Elucidating the genetic architecture of early menopause in the Tehran cardiometabolic genetic study

Background

Population studies elucidating the genetic architecture of early menopause have mainly focused on European ancestries, leaving a gap in understanding of the genetic influences in non-European populations. This study seeks to identify potential genetic variants linked to early menopause in Iranian women.

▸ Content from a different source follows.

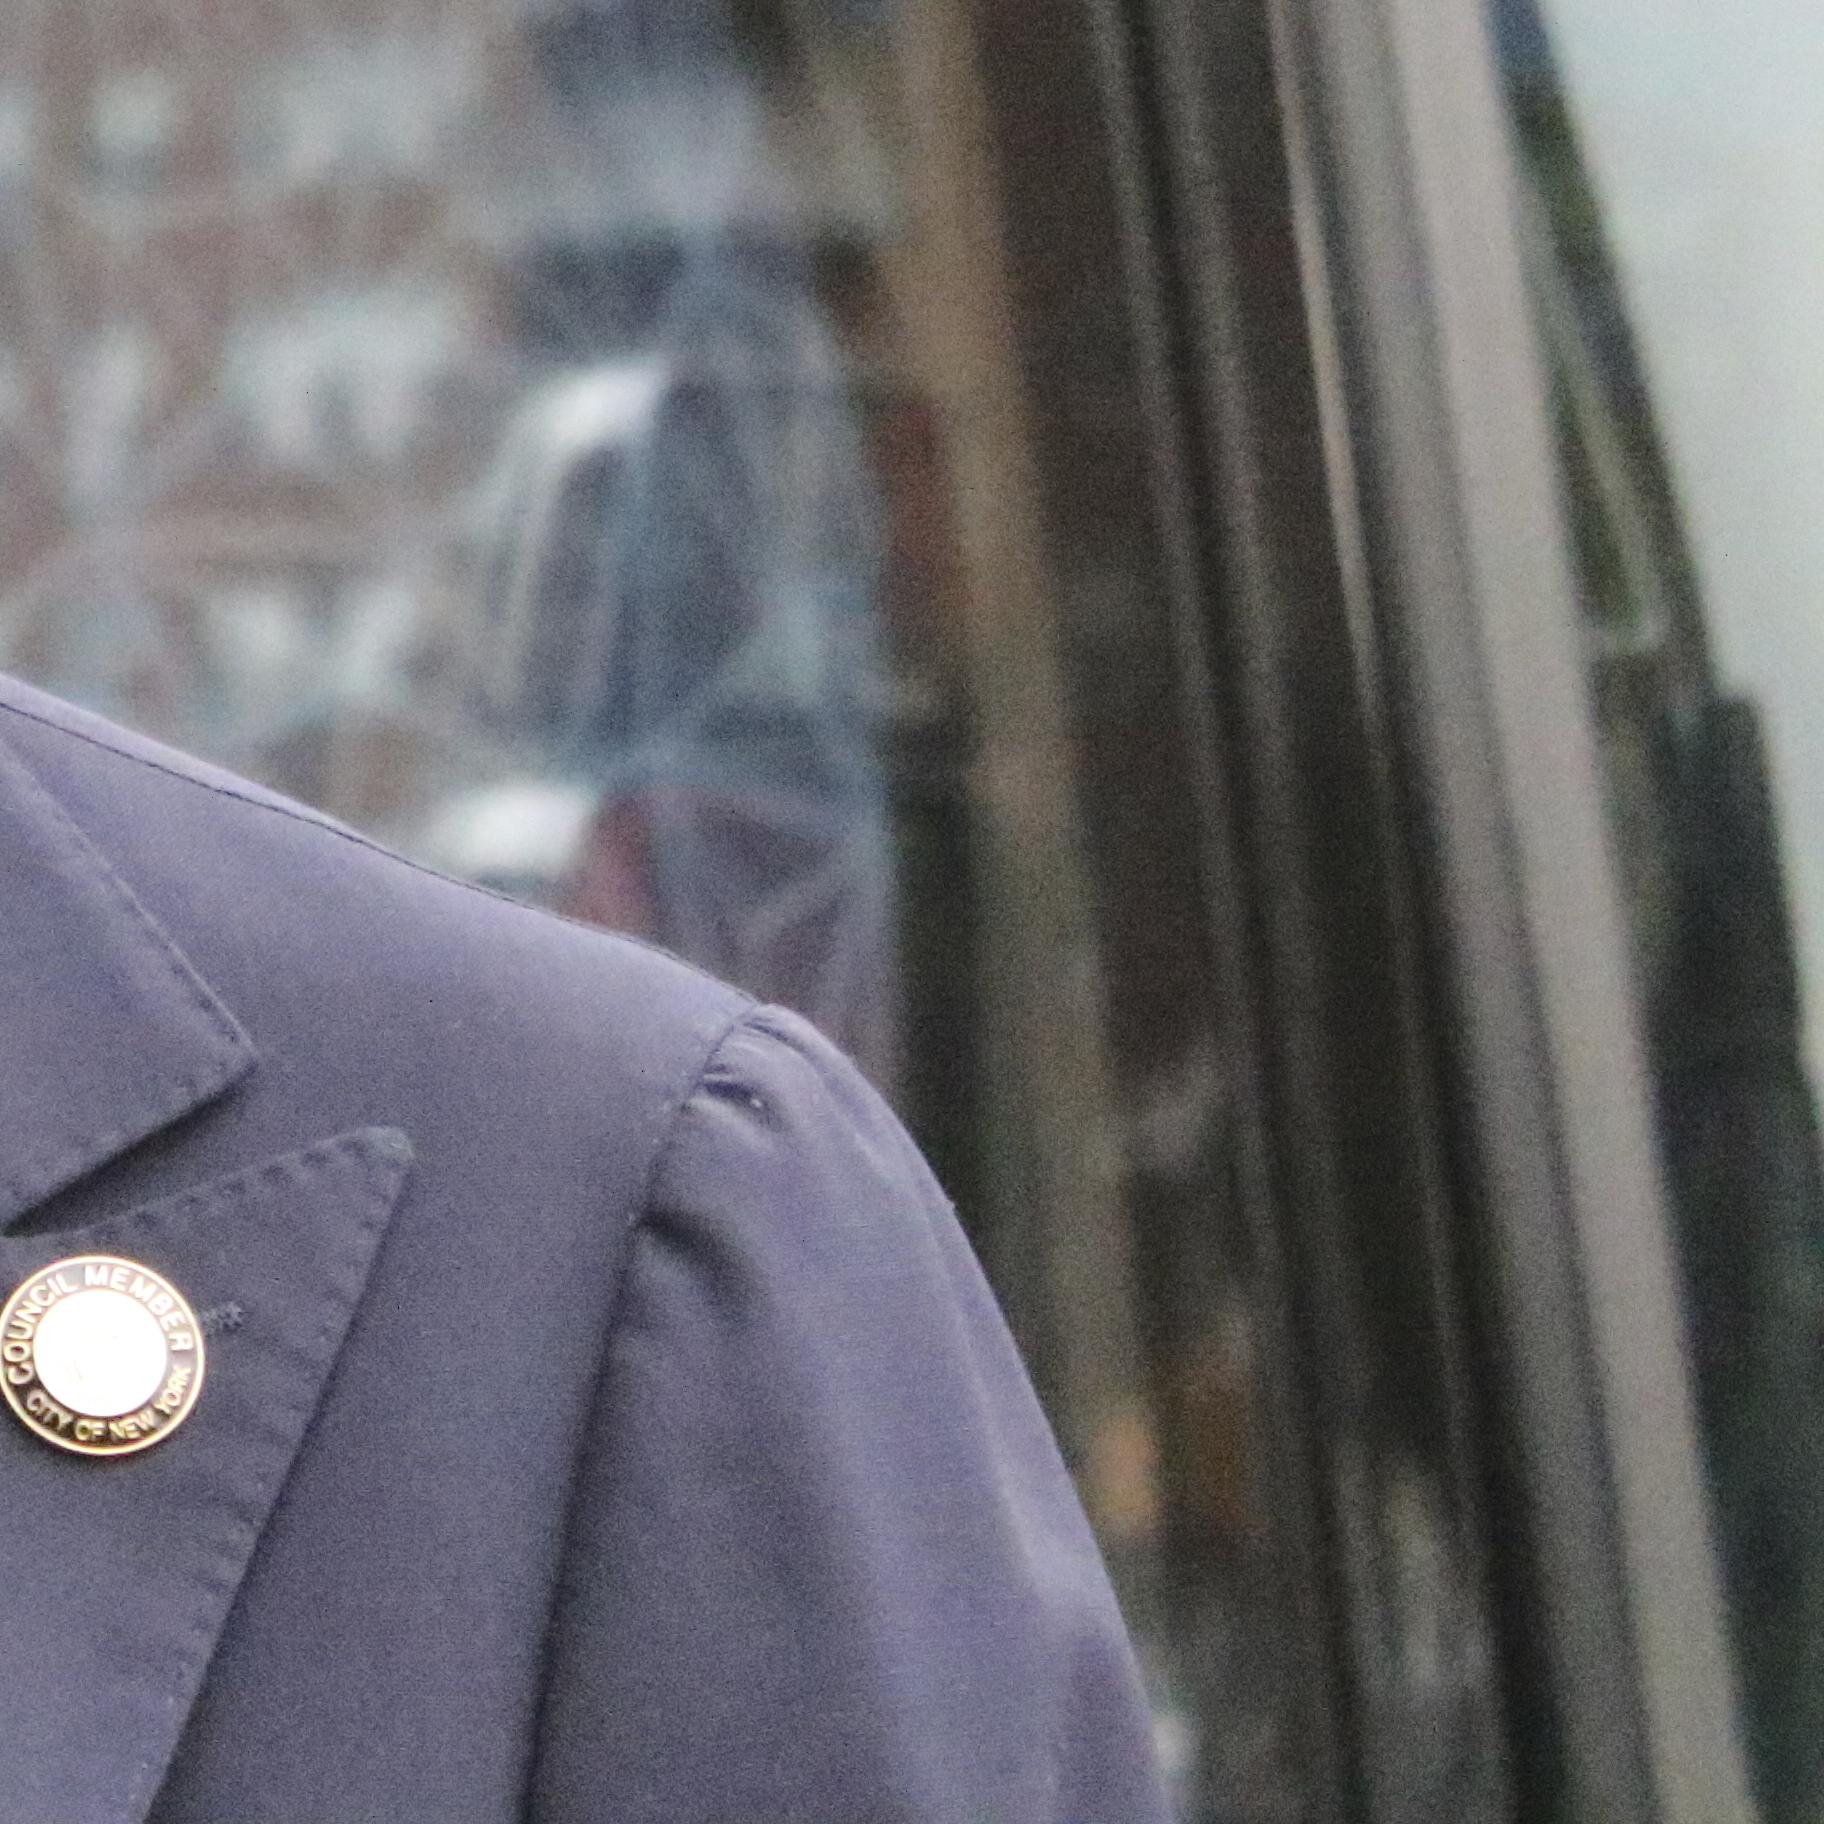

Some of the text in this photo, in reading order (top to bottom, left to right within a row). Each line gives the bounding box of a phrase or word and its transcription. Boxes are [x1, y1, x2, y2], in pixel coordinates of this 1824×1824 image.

[3, 1265, 194, 1385] COUNCIL MEMBER
[26, 1366, 191, 1440] CITY OF NEW YORK

Research design and methods

We conducted a genome-wide association study on early menopause involving a discovery group of 3421 women, comprising 3145 individuals with normal age at menopause and 276 with early menopause. Additionally, a confirmation group included 1015 women, consisting of 208 individuals with a poor ovarian reserve and 807 with normal ovarian reserve, all drawn from an Iranian cohort. We analyzed over 9 million variants using the Genome-wide Complex Trait Analysis tool, followed by thorough bioinformatics evaluations and functional annotations.

Results

We identified specific genetic variants associated with early menopause, notably the rs9943588 variant of the GALNT18 gene; the variant significantly increases the risk of early menopause [OR = 1.93; p = 2.54E-8]. In our confirmatory population, this variant was associated with a 35 % increased risk of poor ovarian reserve (OR = 1.35, p < 0.0001). Furthermore, epigenomics data suggest that rs9943588 may influence a regulatory motif for the ETS transcription factor in women.

Conclusions

The rs9943588 variant of the GALNT18 gene is associated with an elevated risk of early menopause among Iranian women. Moreover, our results show significant differences in allele frequencies between Iranian and European variants, emphasizing the advantages and challenges of large-scale trans-ethnic strategies to inform personalized approaches to women's health.